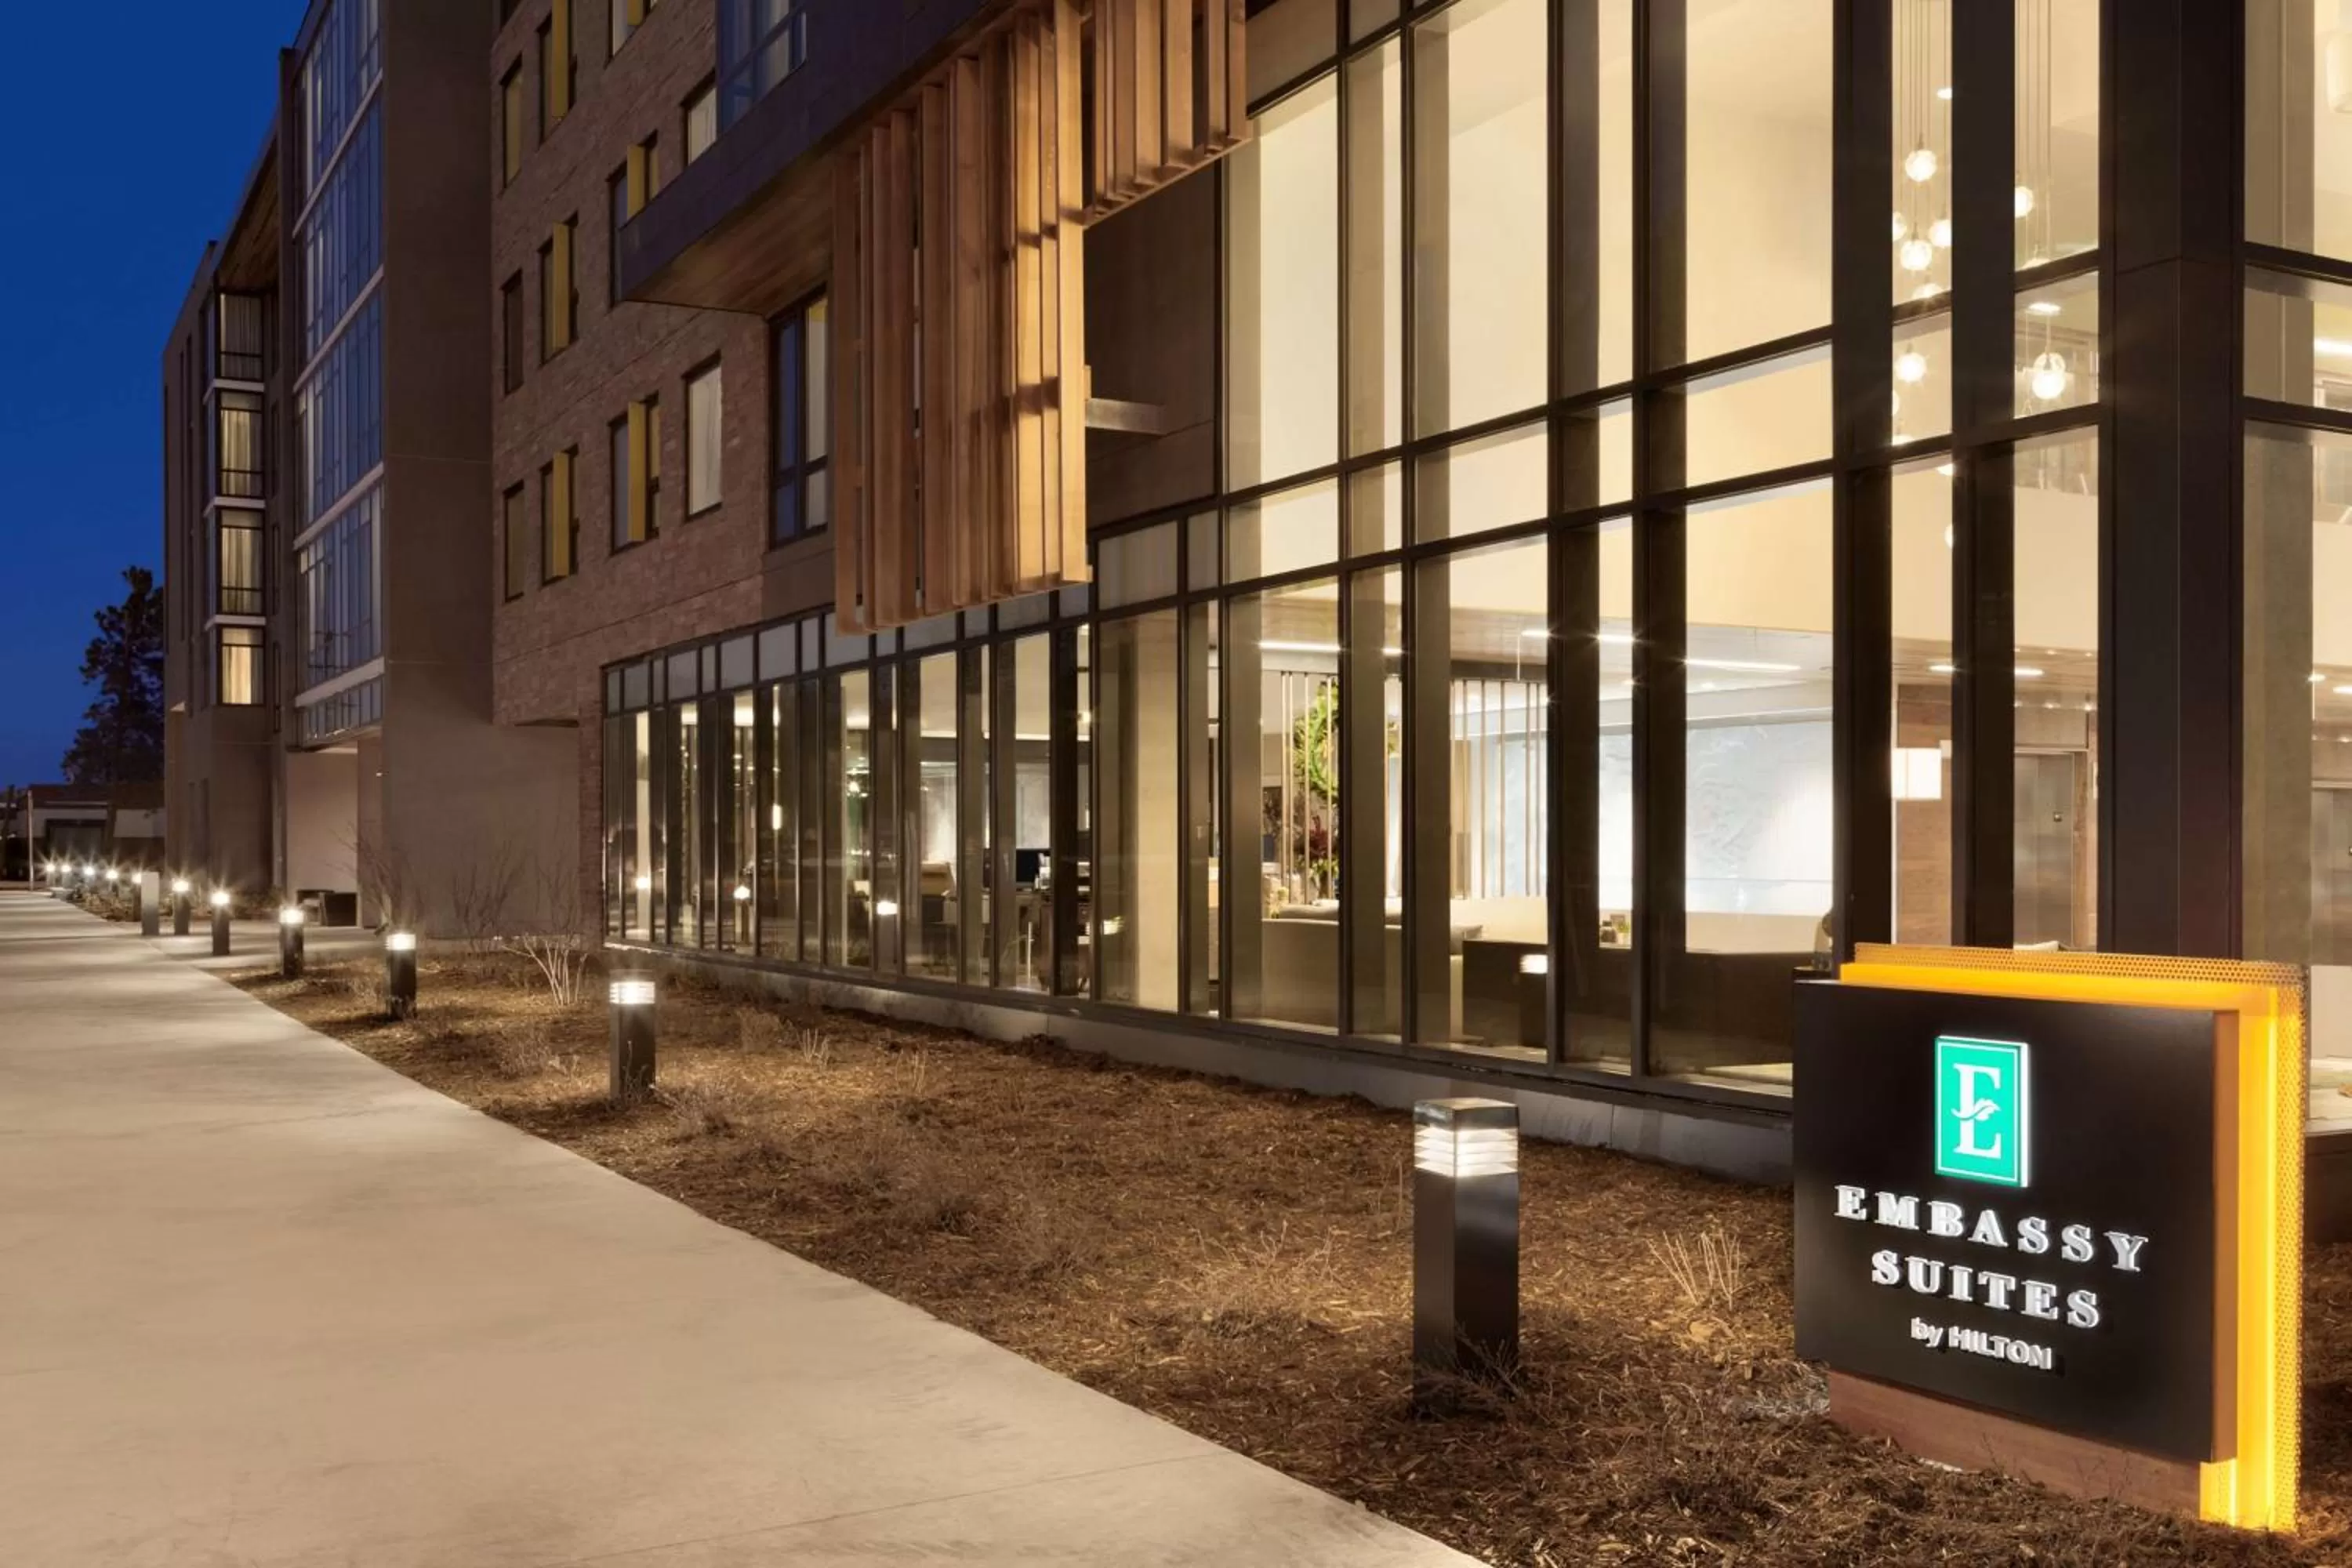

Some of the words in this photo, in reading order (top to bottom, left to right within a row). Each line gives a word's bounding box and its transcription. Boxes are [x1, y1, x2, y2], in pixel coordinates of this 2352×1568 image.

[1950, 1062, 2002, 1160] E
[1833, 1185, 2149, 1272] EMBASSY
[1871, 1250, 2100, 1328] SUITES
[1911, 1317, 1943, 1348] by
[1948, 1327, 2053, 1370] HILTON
..............................
- _What you need to do_: Print the records again exactly, pictures excluded.

- _Response box_:
Some of the words in this photo, in reading order (top to bottom, left to right within a row). Each line gives a word's bounding box and its transcription. Boxes are [x1, y1, x2, y2], in pixel coordinates of this 2352×1568 image.

[1950, 1062, 2002, 1160] E
[1833, 1185, 2149, 1272] EMBASSY
[1871, 1250, 2100, 1328] SUITES
[1911, 1317, 1943, 1348] by
[1948, 1327, 2053, 1370] HILTON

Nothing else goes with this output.